It's hard to tell after three games how the Wizards and Pacers would match up in the playoffs

The Wizards crossed off an important goal on Saturday night by beating the Indiana Pacers and therefore securing the season series. If the teams tie with the same regular season record, the Wizards will get the higher playoff seed. As of today, that would mean home court advantage in the first round.

Though the Wizards have beaten the Pacers in two of their three matchups this season, we only know so much about how they would match up in the playoffs. The first game between them didn't feature Pacers All-Star Victor Oladipo and John Wall didn't play in any of the three games. The Pacers were without both Myles Turner and Domantas Sabonis on Saturday night.

Given the Pacers underwent so much change over the summer, there is no real data to go off of from before this season. They are a completely different team with Oladipo leading the way and Paul George now in Oklahoma City.


There are reasons to believe, however, that the Wizards would fare well against the Pacers over the course of a seven-game series. For one, they figured out how to slow Oladipo and his teammate Bojan Bogdanovic on Saturday night. Both had killed the Wizards in previous matchups.

Oladipo was held to 18 points, over five points below his season average of 23.5. He had four turnovers, shot 7-for-16 (43.7%) and finished a -18 in a game the Pacers lost by seven.

The Wizards had some success with Tomas Satoransky guarding Oladipo. Satoransky is 6-foot-7 with long arms. He was able to recover on several occasions to alter Oladipo's shots.

Satoransky and Bradley Beal also did a good job keeping pace with Oladipo on the fastbreak. The Pacers had only four fastbreak points in the game. Oladipo is especially dangerous in the open court.

“We just made sure that we were aggressive with him and made sure he saw a lot of bodies in the paint," Beal said. "The last game, he got a lot of easy ones in transition. We just made sure that we got back on the shot, loaded to the ball and forced the other guys to attack.”

For Bogdanovic, it was about limiting open shots from the perimeter. Bogdanovic had 11 points, three below his season average and had four turnovers. Beal and Otto Porter stripped Bogdanovic for steals and Marcin Gortat took a charge on one play in the third quarter.
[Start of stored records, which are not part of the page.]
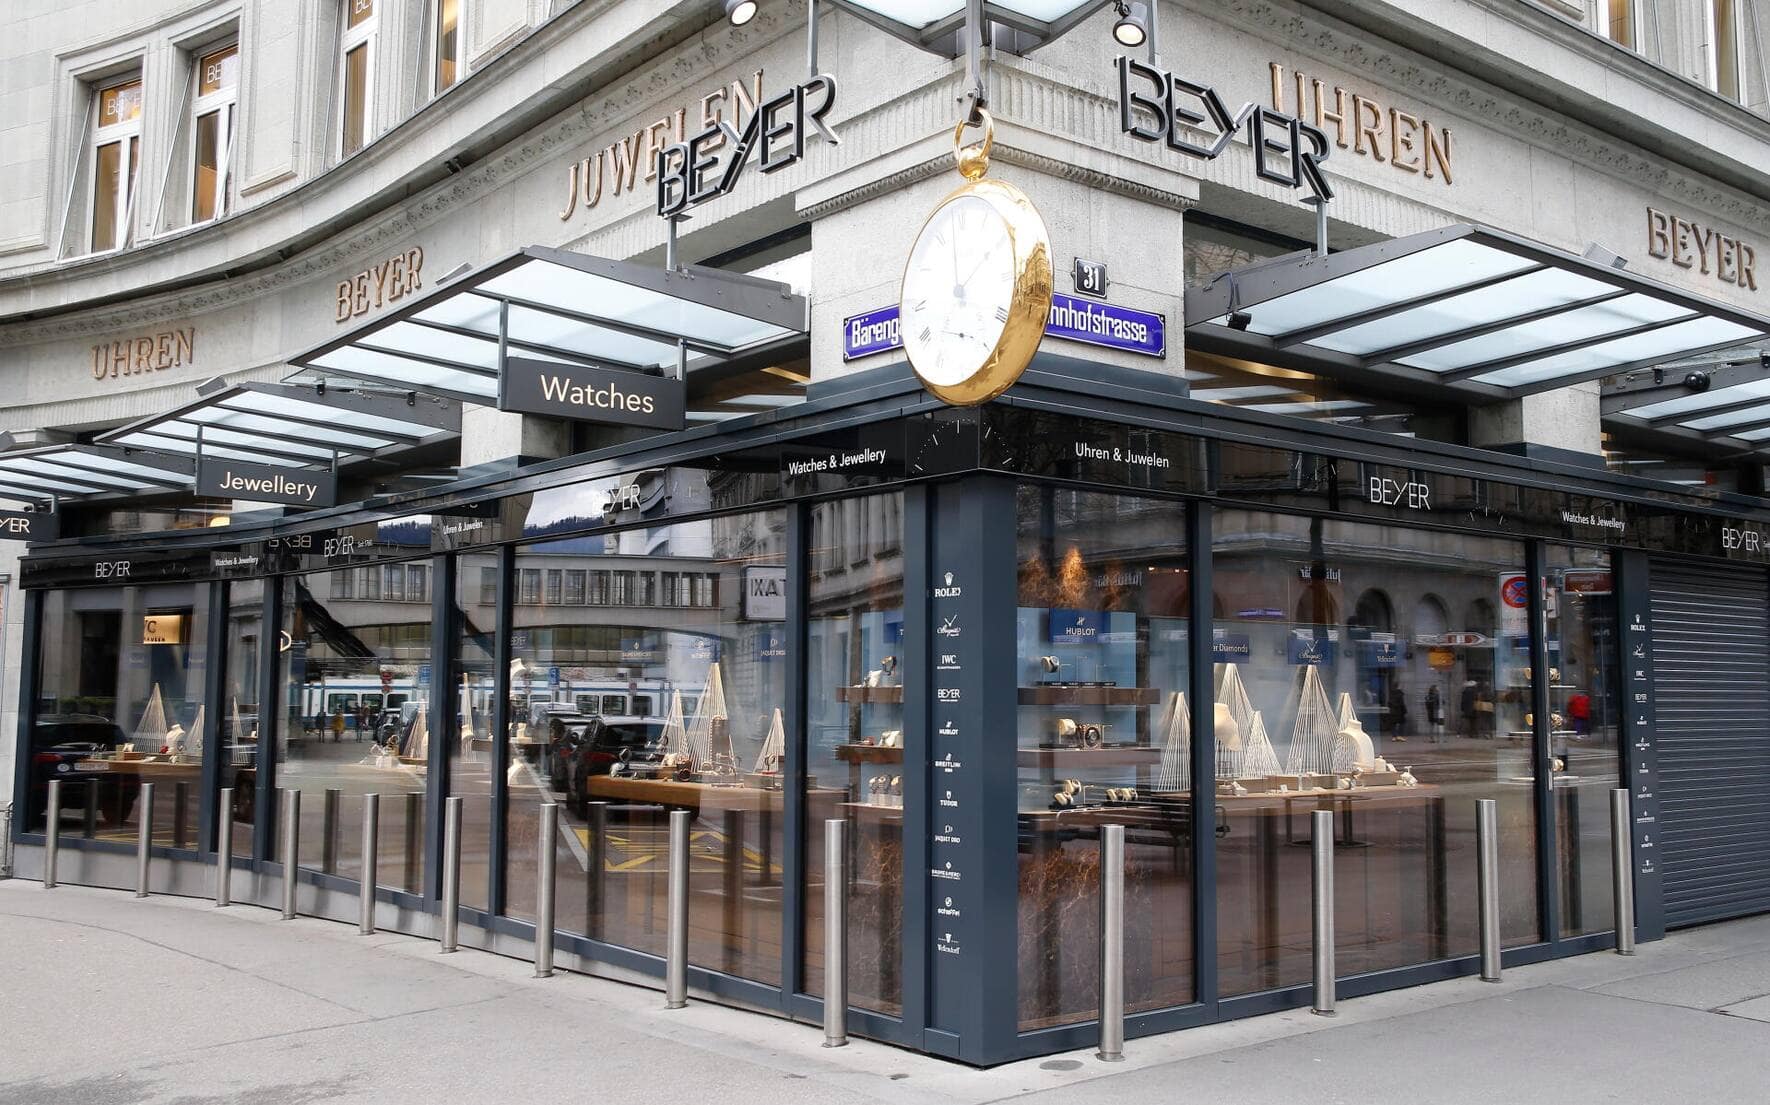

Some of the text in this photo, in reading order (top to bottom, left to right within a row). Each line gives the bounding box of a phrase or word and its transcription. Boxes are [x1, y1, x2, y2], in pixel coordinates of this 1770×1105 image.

[1115, 55, 1334, 203] BEYER
[656, 72, 841, 217] BEYER
[1647, 206, 1758, 292] BEYER
[334, 245, 425, 323] BEYER
[1082, 264, 1100, 292] 31
[1048, 300, 1147, 343] hnhofstrasse
[90, 326, 196, 381] UHREN
[540, 374, 654, 414] Watches
[789, 448, 886, 476] Watches & Jewellery
[1075, 442, 1169, 469] Uhren & Juwelen
[219, 471, 317, 501] Jewellery
[1370, 476, 1431, 511] BEYER
[1562, 511, 1626, 532] Watches & Jewellery
[324, 535, 354, 558] BEYER
[1722, 527, 1760, 553] BEYER
[95, 560, 130, 578] BEYER
[1066, 627, 1096, 636] HUBLOT
[941, 654, 957, 664] IWC
[938, 688, 960, 698] BEYER
But it was all about taking away the outside shot. Bogdanovic only hit one shot in the first half and it was a three. The only reason he got it off is because Kelly Oubre, Jr. lost his balance backing up. That gave Bogdanovic the window he needed. Otherwise, Oubre helped frustrate the former Wizards small forward. So did Gortat and Ian Mahinmi, who did a good job covering their teammates off screens.

The Pacers are an average offensive team, ranking 16th in points per game and 14th in offensive rating. They are better defensively, ranking ninth-best in opponents points per game and 12th in defensive efficiency.

If the Wizards can limit Oladipo and Bogdanovic, the Pacers' two leading scorers, they should have a good shot at beating the Pacers in the playoffs. Beyond them, the Pacers are thin in the scoring department. Turner only averages 13.6 points and no one else beyond him can consistently make an opposing defense pay for mistakes. Conversely, several Wizards players have given the Pacers major trouble through three games this season.

Gortat, who had 18 points and eight rebounds on Saturday, has averaged 13 points and eight rebounds on 57.7 percent shooting against Indiana. Kelly Oubre, Jr., who had 16 points in 18 minutes, has averaged 15.5 points and is shooting 50 percent from the field.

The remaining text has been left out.